**Data listing:**

[Start of section]

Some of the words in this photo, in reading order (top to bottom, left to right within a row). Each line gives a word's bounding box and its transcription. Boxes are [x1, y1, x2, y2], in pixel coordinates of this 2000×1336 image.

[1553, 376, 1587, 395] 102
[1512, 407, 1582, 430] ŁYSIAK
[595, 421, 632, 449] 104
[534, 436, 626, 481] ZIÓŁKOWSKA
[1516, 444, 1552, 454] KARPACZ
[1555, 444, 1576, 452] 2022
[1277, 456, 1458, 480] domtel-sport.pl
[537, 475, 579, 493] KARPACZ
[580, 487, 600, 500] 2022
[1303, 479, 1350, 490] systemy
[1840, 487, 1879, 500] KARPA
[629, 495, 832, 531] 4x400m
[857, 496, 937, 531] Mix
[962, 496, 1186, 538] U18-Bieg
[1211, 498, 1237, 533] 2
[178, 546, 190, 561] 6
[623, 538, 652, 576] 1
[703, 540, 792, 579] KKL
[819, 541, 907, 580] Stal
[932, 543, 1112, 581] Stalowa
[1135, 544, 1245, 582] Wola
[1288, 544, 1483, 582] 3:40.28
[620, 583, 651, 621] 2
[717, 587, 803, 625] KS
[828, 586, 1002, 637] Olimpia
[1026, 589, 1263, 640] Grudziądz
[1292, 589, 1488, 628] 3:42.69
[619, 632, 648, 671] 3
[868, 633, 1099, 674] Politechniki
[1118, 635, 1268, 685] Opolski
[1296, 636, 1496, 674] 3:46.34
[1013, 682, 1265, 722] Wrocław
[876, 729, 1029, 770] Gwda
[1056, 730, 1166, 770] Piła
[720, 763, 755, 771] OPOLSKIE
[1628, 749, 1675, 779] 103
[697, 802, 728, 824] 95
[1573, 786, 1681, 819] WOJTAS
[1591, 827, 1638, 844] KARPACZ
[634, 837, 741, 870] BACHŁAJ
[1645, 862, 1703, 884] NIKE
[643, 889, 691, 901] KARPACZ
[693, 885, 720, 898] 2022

[End of section]

**What the task requires:** Copy each entry above exactly, leaving nothing out.

**Response for this exercise:**
Some of the words in this photo, in reading order (top to bottom, left to right within a row). Each line gives a word's bounding box and its transcription. Boxes are [x1, y1, x2, y2], in pixel coordinates of this 2000×1336 image.

[1553, 376, 1587, 395] 102
[1512, 407, 1582, 430] ŁYSIAK
[595, 421, 632, 449] 104
[534, 436, 626, 481] ZIÓŁKOWSKA
[1516, 444, 1552, 454] KARPACZ
[1555, 444, 1576, 452] 2022
[1277, 456, 1458, 480] domtel-sport.pl
[537, 475, 579, 493] KARPACZ
[580, 487, 600, 500] 2022
[1303, 479, 1350, 490] systemy
[1840, 487, 1879, 500] KARPA
[629, 495, 832, 531] 4x400m
[857, 496, 937, 531] Mix
[962, 496, 1186, 538] U18-Bieg
[1211, 498, 1237, 533] 2
[178, 546, 190, 561] 6
[623, 538, 652, 576] 1
[703, 540, 792, 579] KKL
[819, 541, 907, 580] Stal
[932, 543, 1112, 581] Stalowa
[1135, 544, 1245, 582] Wola
[1288, 544, 1483, 582] 3:40.28
[620, 583, 651, 621] 2
[717, 587, 803, 625] KS
[828, 586, 1002, 637] Olimpia
[1026, 589, 1263, 640] Grudziądz
[1292, 589, 1488, 628] 3:42.69
[619, 632, 648, 671] 3
[868, 633, 1099, 674] Politechniki
[1118, 635, 1268, 685] Opolski
[1296, 636, 1496, 674] 3:46.34
[1013, 682, 1265, 722] Wrocław
[876, 729, 1029, 770] Gwda
[1056, 730, 1166, 770] Piła
[720, 763, 755, 771] OPOLSKIE
[1628, 749, 1675, 779] 103
[697, 802, 728, 824] 95
[1573, 786, 1681, 819] WOJTAS
[1591, 827, 1638, 844] KARPACZ
[634, 837, 741, 870] BACHŁAJ
[1645, 862, 1703, 884] NIKE
[643, 889, 691, 901] KARPACZ
[693, 885, 720, 898] 2022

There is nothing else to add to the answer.